Littlejohn ist anders als Still bemüht, die Osteopathie nicht durch ständige Abgrenzung zu bestimmen, sondern andere Verfahren wie Massage, Hydropathie, Suggestion, Diätetik usf. einzubeziehen, ihnen aber einen klar definierten osteopathischen Sinn zu geben. Dabei wird klar, dass Littlejohn wie auch Still davon überzeugt ist, dass mit Ausnahme von Antiseptika und Antitoxinen die Gabe von Medikamenten prinzipiell schädlich ist, weil diese nicht assimiliert werden können, mithin also die bekannten Nebenwirkungen erzeugen, bei denen wir ja auch heute noch unseren Arzt und Apotheker fragen sollen.
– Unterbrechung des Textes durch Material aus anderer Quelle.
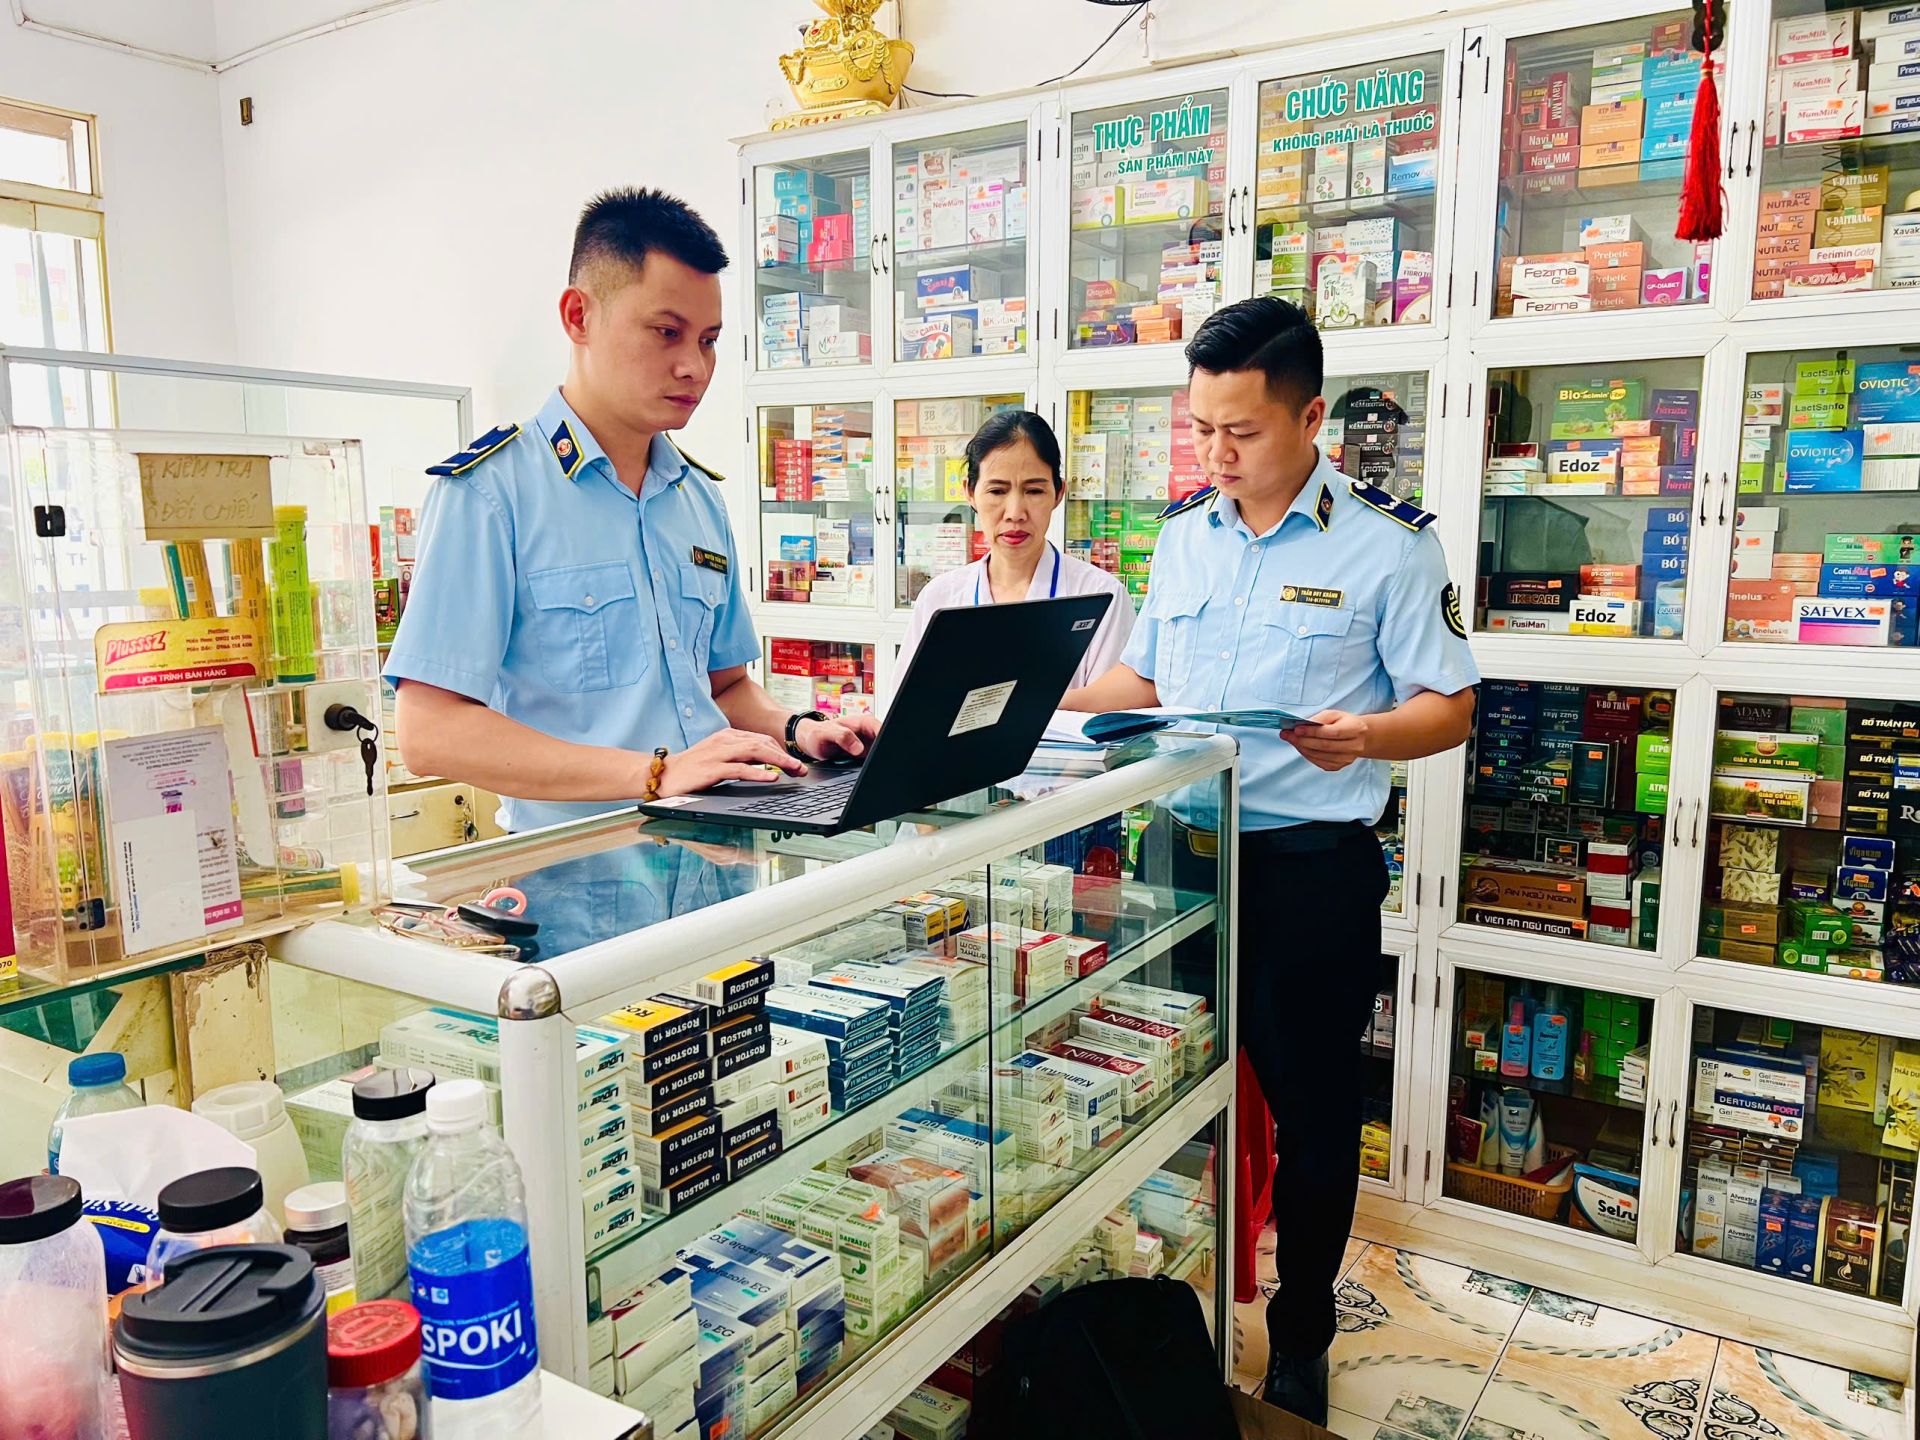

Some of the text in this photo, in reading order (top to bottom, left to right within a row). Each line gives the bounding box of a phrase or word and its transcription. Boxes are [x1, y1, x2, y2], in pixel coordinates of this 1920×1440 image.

[1788, 29, 1828, 42] MumMilk
[1793, 77, 1833, 89] MumMilk
[1286, 67, 1425, 122] CHỨC NĂNG
[1797, 108, 1840, 120] MumMilk
[1093, 94, 1212, 154] THỰC PHẨM
[1273, 110, 1435, 153] KHÔNG PHẢI LÀ THUỐC
[1529, 134, 1550, 146] Navi
[1146, 148, 1183, 171] PHẨM
[1187, 147, 1215, 166] NÀY
[1531, 152, 1571, 167] Navi MM
[1766, 199, 1811, 210] NUTRA-C
[1760, 221, 1803, 233] NUT-C
[1592, 249, 1630, 260] Prebetic
[1816, 247, 1876, 260] Ferimin Gold
[1524, 266, 1577, 279] Fezima
[1526, 300, 1579, 312] Fezima
[1801, 368, 1850, 379] LactSanfo
[1859, 377, 1910, 390] OVIOTIC
[1795, 402, 1845, 413] LactSanfo
[1790, 447, 1842, 458] OVIOTIC
[215, 460, 253, 479] TRA
[1559, 459, 1600, 473] Edoz
[1833, 568, 1852, 576] Cami
[1575, 608, 1616, 623] Edoz
[1800, 605, 1866, 618] SAFVEX
[1511, 619, 1547, 630] FusiMan
[1543, 924, 1571, 935] NGON
[761, 972, 769, 982] 10
[716, 1008, 726, 1018] 10
[433, 1022, 457, 1032] 10
[753, 1023, 764, 1034] 10
[652, 1033, 664, 1044] 10
[652, 1060, 663, 1071] 10
[724, 1058, 734, 1068] 10
[1065, 1048, 1137, 1071] Nifin 200
[584, 1068, 596, 1079] 10
[659, 1085, 670, 1097] 10
[577, 1102, 588, 1113] 10
[1718, 1107, 1733, 1116] Gel
[1719, 1095, 1800, 1116] DERTUSMA FORT
[660, 1112, 671, 1124] 10
[762, 1119, 772, 1131] 10
[583, 1135, 595, 1146] 10
[668, 1140, 680, 1152] 10
[768, 1142, 777, 1154] 10
[586, 1167, 598, 1179] 10
[669, 1164, 680, 1176] 10
[711, 1172, 721, 1185] 10
[593, 1200, 605, 1213] 10
[765, 1212, 797, 1227] DAFRAZOL
[594, 1228, 605, 1241] 10
[802, 1223, 834, 1239] DAFRAZOL
[708, 1233, 728, 1245] EG
[839, 1233, 872, 1249] DAFRAZOL
[750, 1281, 772, 1294] EG
[421, 1307, 523, 1358] SPOKI
[712, 1324, 736, 1338] EG
[909, 1390, 939, 1408] ebilax
Dieses Buch zeigt die Radikalität der ursprünglichen osteopathischen Position klar auf. Die meisten Erkrankungen lassen sich ohne Medikamentengabe angehen, insofern insbesondere die Nervensysteme so behandelt werden, dass die Lebenskraft wieder selbstorganisierend zum Zuge kommen kann.
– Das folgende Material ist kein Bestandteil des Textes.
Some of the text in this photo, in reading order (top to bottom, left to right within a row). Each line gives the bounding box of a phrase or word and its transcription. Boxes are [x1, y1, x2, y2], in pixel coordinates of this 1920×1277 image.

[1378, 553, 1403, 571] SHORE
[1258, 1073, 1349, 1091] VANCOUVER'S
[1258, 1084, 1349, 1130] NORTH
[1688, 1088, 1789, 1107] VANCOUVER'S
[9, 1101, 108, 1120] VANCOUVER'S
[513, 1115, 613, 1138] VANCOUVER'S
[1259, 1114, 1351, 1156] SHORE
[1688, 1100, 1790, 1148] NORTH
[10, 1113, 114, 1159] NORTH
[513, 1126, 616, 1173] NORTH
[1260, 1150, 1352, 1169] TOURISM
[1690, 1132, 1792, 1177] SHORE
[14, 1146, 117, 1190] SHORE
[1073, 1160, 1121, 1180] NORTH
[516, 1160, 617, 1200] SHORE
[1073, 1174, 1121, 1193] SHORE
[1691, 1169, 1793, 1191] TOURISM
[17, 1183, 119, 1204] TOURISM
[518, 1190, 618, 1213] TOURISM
Das Buch versucht, ein vielleicht nahe liegendes Missverständnis der Osteopathie zu vermeiden, die mit der Bezeichnung Osteopathie selbst zusammenhängt. Littlejohn behandelt die Erkrankungen von Knochen und Muskulatur, darunter auch die häufiger auftretenden Verformungen der Wirbelsäule. Dies soll verdeutlichen, dass die Osteopathie – und das ist auch die Meinung Stills – eine allgemeine Medizin ist, die zwar insbesondere auf die Wirbelsäule konzentriert ist. Aber dies geschieht vor allem, weil hier die beiden Nervensysteme verbunden sind. Wie der Text zeigt, behandelt die klassische Osteopathie natürlich auch die Organe selbst. Sie unterstellt aber, dass Fehlstellungen von Gelenken, Wirbelkörpern, Muskulatur, Faszien, Ligamenten das Nervensystem negativ beeinflussen können. Das gilt insbesondere für die Wirbelsäule, weil hier Nervenbeziehungen zu allen Organen sowie die Verbindung zum Gehirn vorliegen. Dabei ist aber wesentlich, dass eine wechselseitige, reflektorische Beziehung vorliegt. Auch Störungen der Organe drücken sich an den entsprechenden Abschnitten der Wirbelsäule aus, müssen also keineswegs von dort verursacht sein. Einliniges Denken liegt in der frühen Osteopathie nicht vor, es handelt sich um einen sehr komplexen Ansatz.